=== Begin Enclosure ===
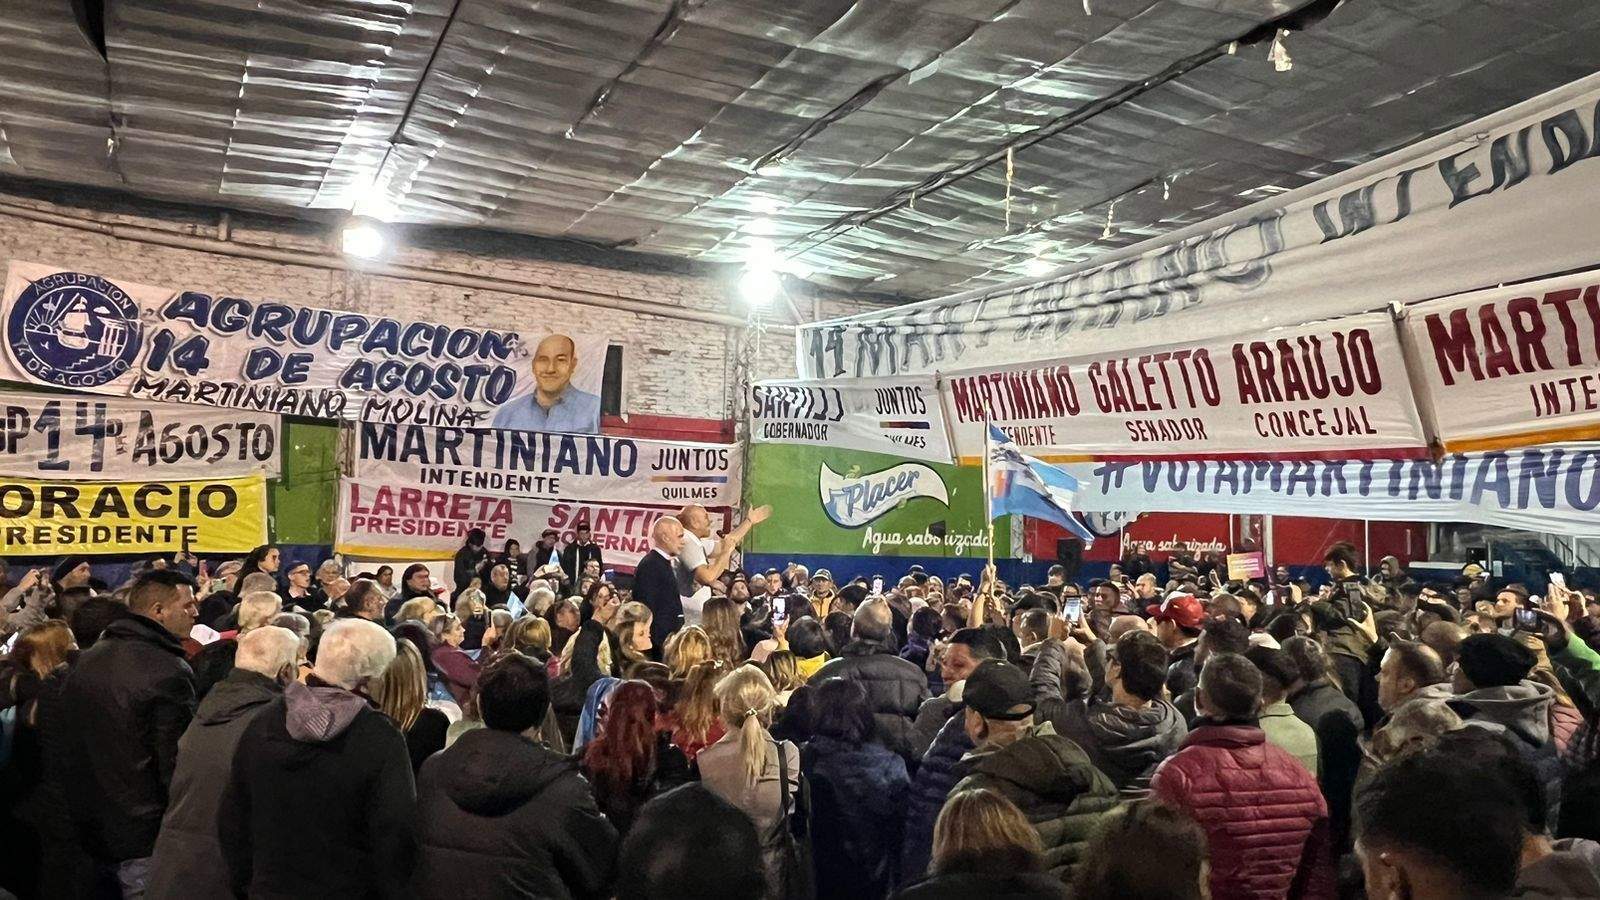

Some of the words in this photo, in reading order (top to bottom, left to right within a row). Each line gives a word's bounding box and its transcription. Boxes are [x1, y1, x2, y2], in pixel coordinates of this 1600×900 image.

[34, 274, 132, 310] AGRUPACION
[163, 291, 520, 360] AGRUPACION
[26, 357, 53, 379] DE
[56, 359, 131, 386] AGOSTO
[147, 328, 210, 376] 14
[246, 347, 314, 384] DE
[340, 358, 516, 405] AGOSTO
[951, 365, 1081, 423] MARTINIANO
[1088, 348, 1221, 414] GALETTO
[1231, 328, 1382, 404] ARAUJO
[132, 378, 347, 417] MARTINIANO
[363, 398, 477, 427] MOLINA
[875, 386, 927, 416] JUNTOS
[1530, 373, 1600, 417] INTE
[34, 401, 107, 472] 14
[132, 410, 274, 466] AGOSTO
[1125, 417, 1208, 441] SENADOR
[1254, 405, 1377, 438] CONCEJAL
[360, 423, 638, 478] MARTINIANO
[651, 448, 729, 471] JUNTOS
[420, 468, 560, 494] INTENDENTE
[661, 487, 718, 500] QUILMES
[842, 470, 920, 519] Placer
[0, 484, 238, 518] ORACIO
[350, 484, 513, 524] LARRETA
[0, 525, 198, 545] RESIDENTE
[548, 503, 664, 537] SANTI
[862, 526, 905, 555] Agua
[1158, 533, 1227, 561] sabrizada
=== End Enclosure ===
**Task brief:**
What's needed is an exact copy of every entry, minus the pictures.

**Result:**
Some of the words in this photo, in reading order (top to bottom, left to right within a row). Each line gives a word's bounding box and its transcription. Boxes are [x1, y1, x2, y2], in pixel coordinates of this 1600×900 image.

[34, 274, 132, 310] AGRUPACION
[163, 291, 520, 360] AGRUPACION
[26, 357, 53, 379] DE
[56, 359, 131, 386] AGOSTO
[147, 328, 210, 376] 14
[246, 347, 314, 384] DE
[340, 358, 516, 405] AGOSTO
[951, 365, 1081, 423] MARTINIANO
[1088, 348, 1221, 414] GALETTO
[1231, 328, 1382, 404] ARAUJO
[132, 378, 347, 417] MARTINIANO
[363, 398, 477, 427] MOLINA
[875, 386, 927, 416] JUNTOS
[1530, 373, 1600, 417] INTE
[34, 401, 107, 472] 14
[132, 410, 274, 466] AGOSTO
[1125, 417, 1208, 441] SENADOR
[1254, 405, 1377, 438] CONCEJAL
[360, 423, 638, 478] MARTINIANO
[651, 448, 729, 471] JUNTOS
[420, 468, 560, 494] INTENDENTE
[661, 487, 718, 500] QUILMES
[842, 470, 920, 519] Placer
[0, 484, 238, 518] ORACIO
[350, 484, 513, 524] LARRETA
[0, 525, 198, 545] RESIDENTE
[548, 503, 664, 537] SANTI
[862, 526, 905, 555] Agua
[1158, 533, 1227, 561] sabrizada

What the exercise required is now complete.